A will (“Last Will and Testament”) is a legally binding document in which you can name who should care for your children and who inherits your estate; in other words, who should get your property, car, money, etc., when you die. If someone dies without a will, it means they have died intestate, and their estate will be distributed in terms of the Intestate Succession Act (Act 81 of 1987).

Only spouses and biological/adoptive relatives can inherit. In order of preference, beneficiaries of intestate estates will be as follows:

  1. Spouse of life partner of the deceased;
  2. Descendants of the deceased. Note that stepchildren do not count unless they were legally adopted by the deceased;
  3. Parents of the deceased (if there is no surviving spouse or descendants);
  4. Siblings of the deceased (if one or both parents are predeceased);
  5. Extended blood relatives (if none of the above applies);
  6. The state (if no blood/adoptive relatives).

If the deceased was married in community of property, the living spouse automatically owns 50% of the estate. They can inherit additional shares in terms of the will.

The Constitutional Court ruled on 31 December 2021 that life partners "in a relationship intended to be permanent" should be regarded as spouses in terms of inheriting intestate estates. If the deceased was in a recognised customary marriage, their partner is also a spouse for intestate succession purposes.

If the deceased was a husband in a polygamous union, the wives will inherit the estate in equal shares.

If the deceased had no biological or legally adopted children of their own, only the living spouse/s will inherit.

If the deceased had spouses and descendants, they will inherit the estate in equal shares if each wife inherits at least R250,000. If the estate is not large enough for this, only the wives (and not the descendants) will inherit the estate in equal shares.

If the deceased had children but no (living) spouse/s, the children inherit the estate in equal shares (regardless of their age or marital status). If there are no children, the estate will be inherited by the deceased’s grandchildren in equal shares.
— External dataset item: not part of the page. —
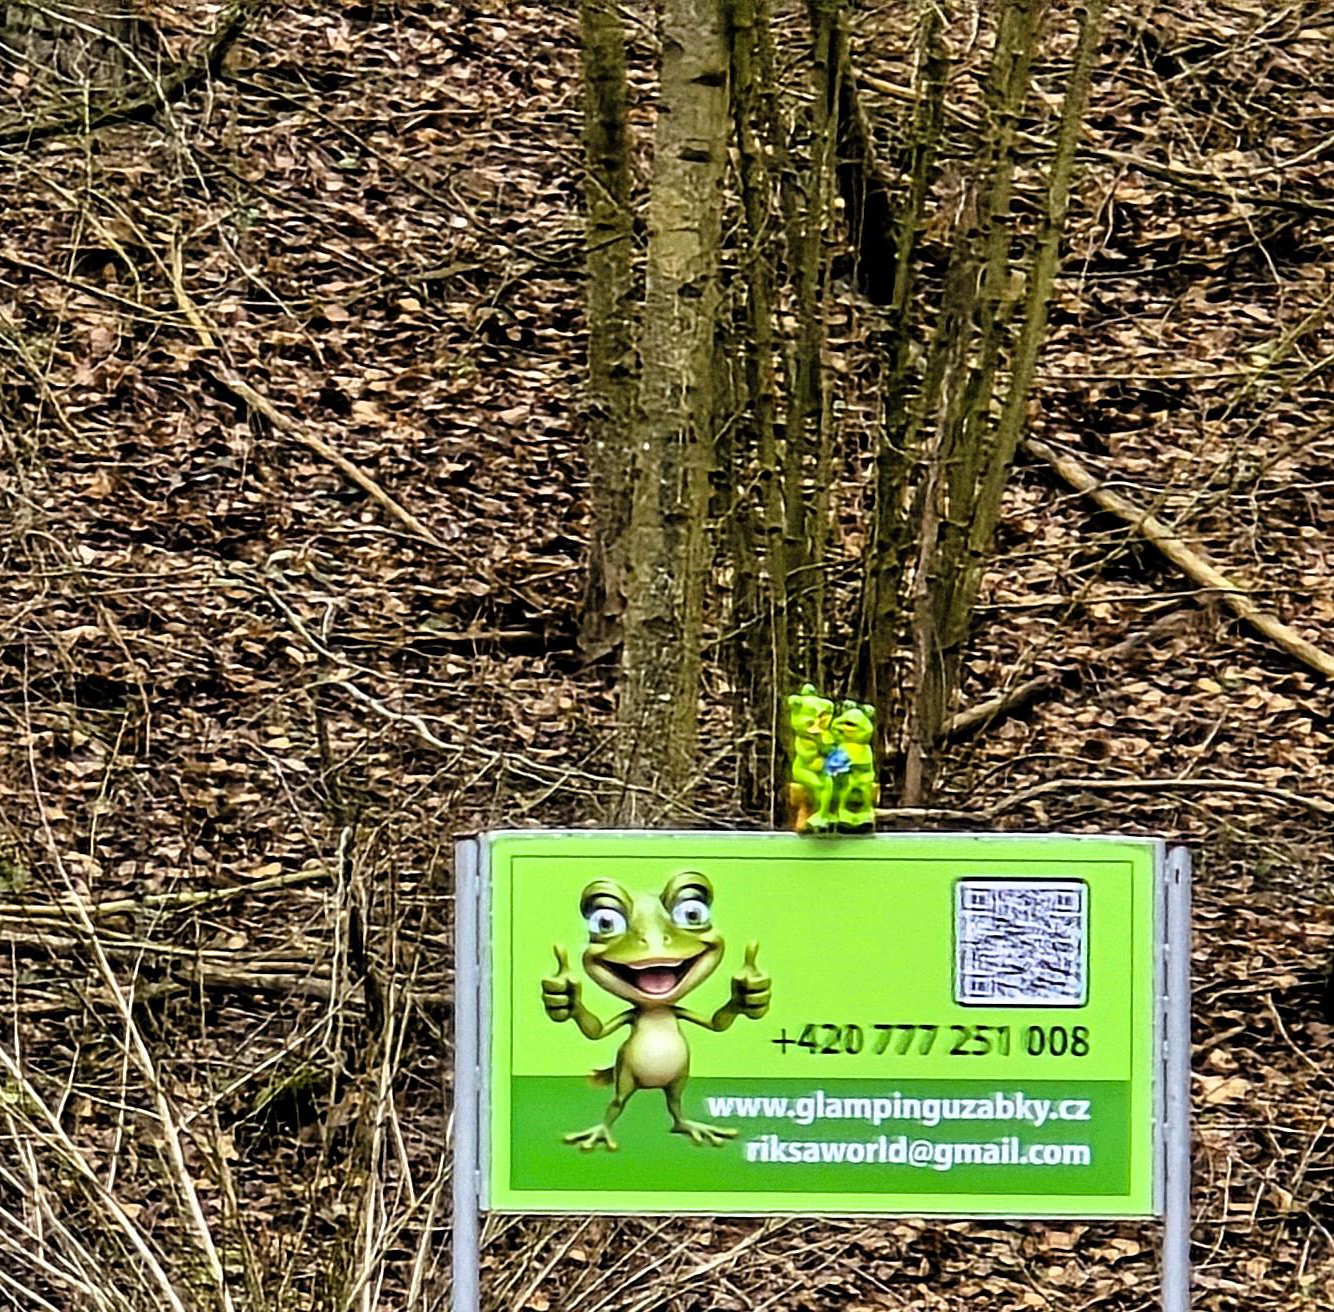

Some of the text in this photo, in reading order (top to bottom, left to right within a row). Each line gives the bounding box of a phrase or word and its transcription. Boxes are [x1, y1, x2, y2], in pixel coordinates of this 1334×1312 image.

[771, 1024, 1090, 1056] +420 777 251 008
[708, 1090, 1091, 1125] www.glampinguzabky.cz
[746, 1134, 1091, 1171] riksaworld@gmail.com
In the event that there are no biological or adoptive relatives to care for minor children, they are likely to be absorbed into the orphanage or foster care system. 

This article by the Department of Justice discusses other inheritance scenarios:

As you can see, the matter of intestate inheritance can get very complicated, so it is best to get advice from a legal organisation such as Legal Aid if you want to write a will. Legal Aid is a means-tested organisation; it assists people who cannot afford to pay a lawyer.

Legal Aid Advice Line (Toll-free): 0800 110 110

Please-Call-Me number: 079 835 7179

Wishing you the best,

Answered on June 20, 2022, 10:31 a.m.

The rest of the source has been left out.